## Task to carry out
Without the pictures, return each record as it appears.

————

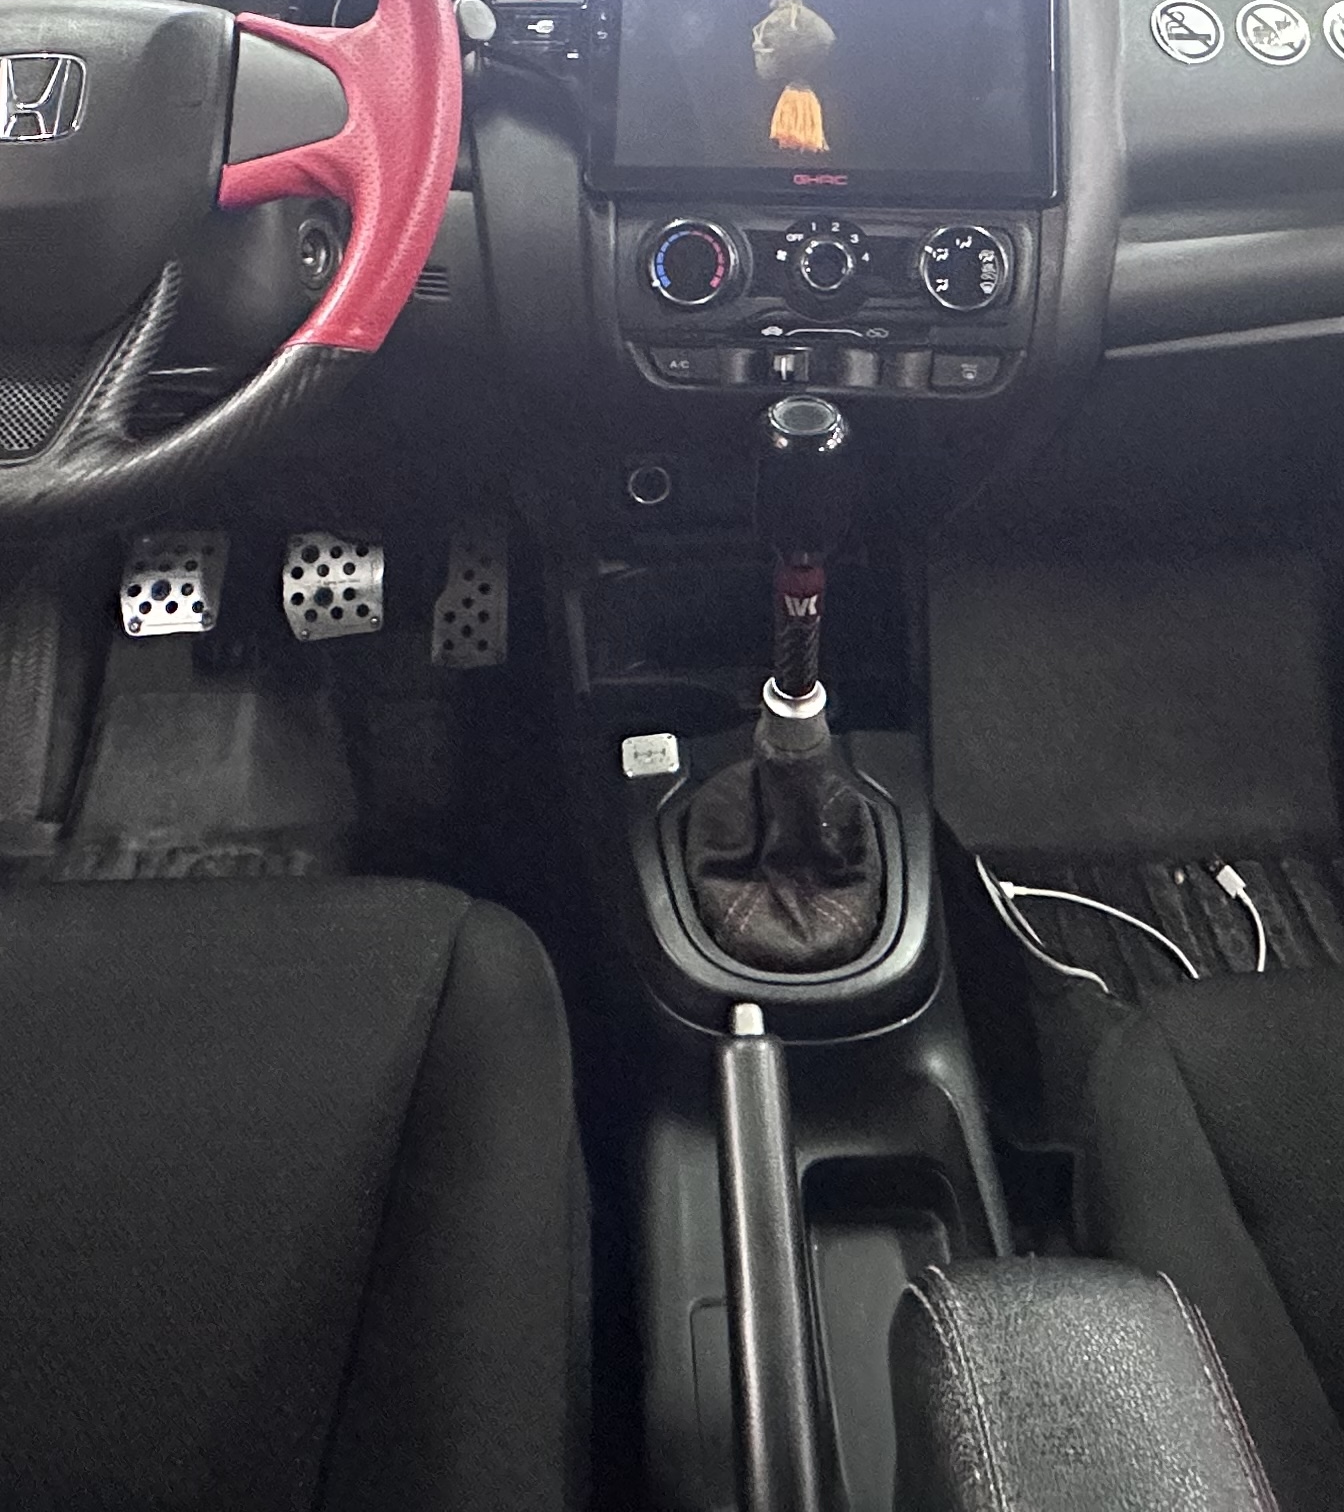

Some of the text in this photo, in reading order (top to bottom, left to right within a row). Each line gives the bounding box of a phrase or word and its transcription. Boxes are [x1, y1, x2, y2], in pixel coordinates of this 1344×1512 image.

[811, 221, 817, 232] 1
[831, 221, 840, 233] 2
[785, 233, 805, 243] OFF
[849, 233, 860, 244] 3
[861, 251, 870, 263] 4
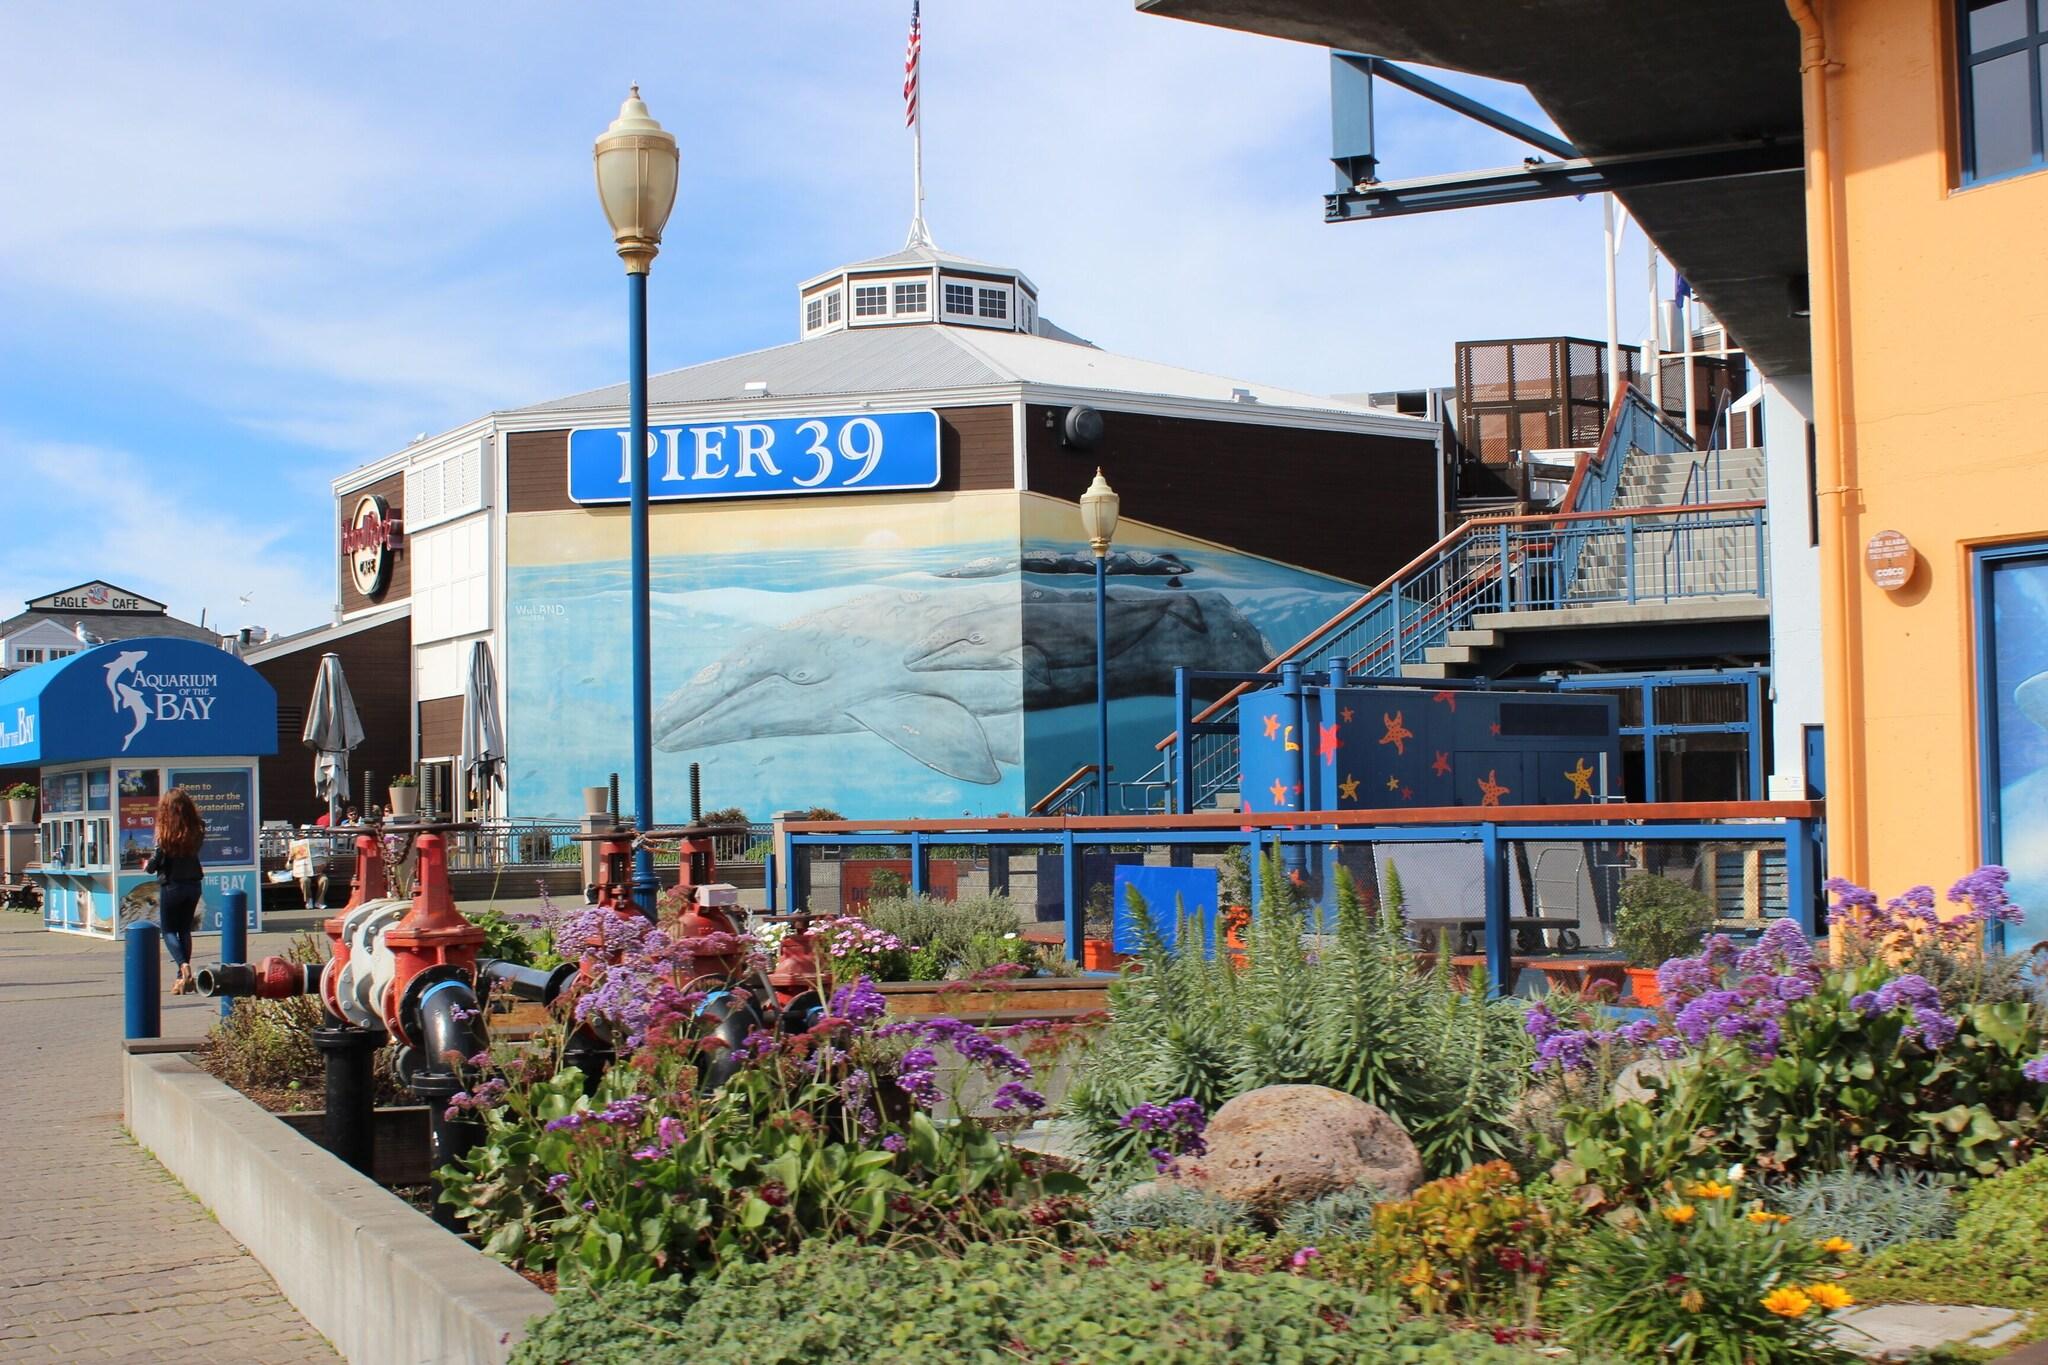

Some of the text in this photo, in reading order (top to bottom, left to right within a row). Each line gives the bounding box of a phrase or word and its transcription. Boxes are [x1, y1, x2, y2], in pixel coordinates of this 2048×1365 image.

[617, 418, 884, 487] PIER 39
[54, 597, 139, 610] EAGLE CAFE
[131, 670, 217, 692] AQUARIUM
[178, 688, 210, 696] OF THE
[155, 693, 217, 721] BAY
[226, 791, 241, 800] the
[204, 874, 247, 891] THE BAY

————

## Final answer
Some of the text in this photo, in reading order (top to bottom, left to right within a row). Each line gives the bounding box of a phrase or word and its transcription. Boxes are [x1, y1, x2, y2], in pixel coordinates of this 1344×1512 image.

[811, 221, 817, 232] 1
[831, 221, 840, 233] 2
[785, 233, 805, 243] OFF
[849, 233, 860, 244] 3
[861, 251, 870, 263] 4

Some of the text in this photo, in reading order (top to bottom, left to right within a row). Each line gives the bounding box of a phrase or word and its transcription. Boxes are [x1, y1, x2, y2], in pixel coordinates of this 2048×1365 image.

[617, 418, 884, 487] PIER 39
[54, 597, 139, 610] EAGLE CAFE
[131, 670, 217, 692] AQUARIUM
[178, 688, 210, 696] OF THE
[155, 693, 217, 721] BAY
[226, 791, 241, 800] the
[204, 874, 247, 891] THE BAY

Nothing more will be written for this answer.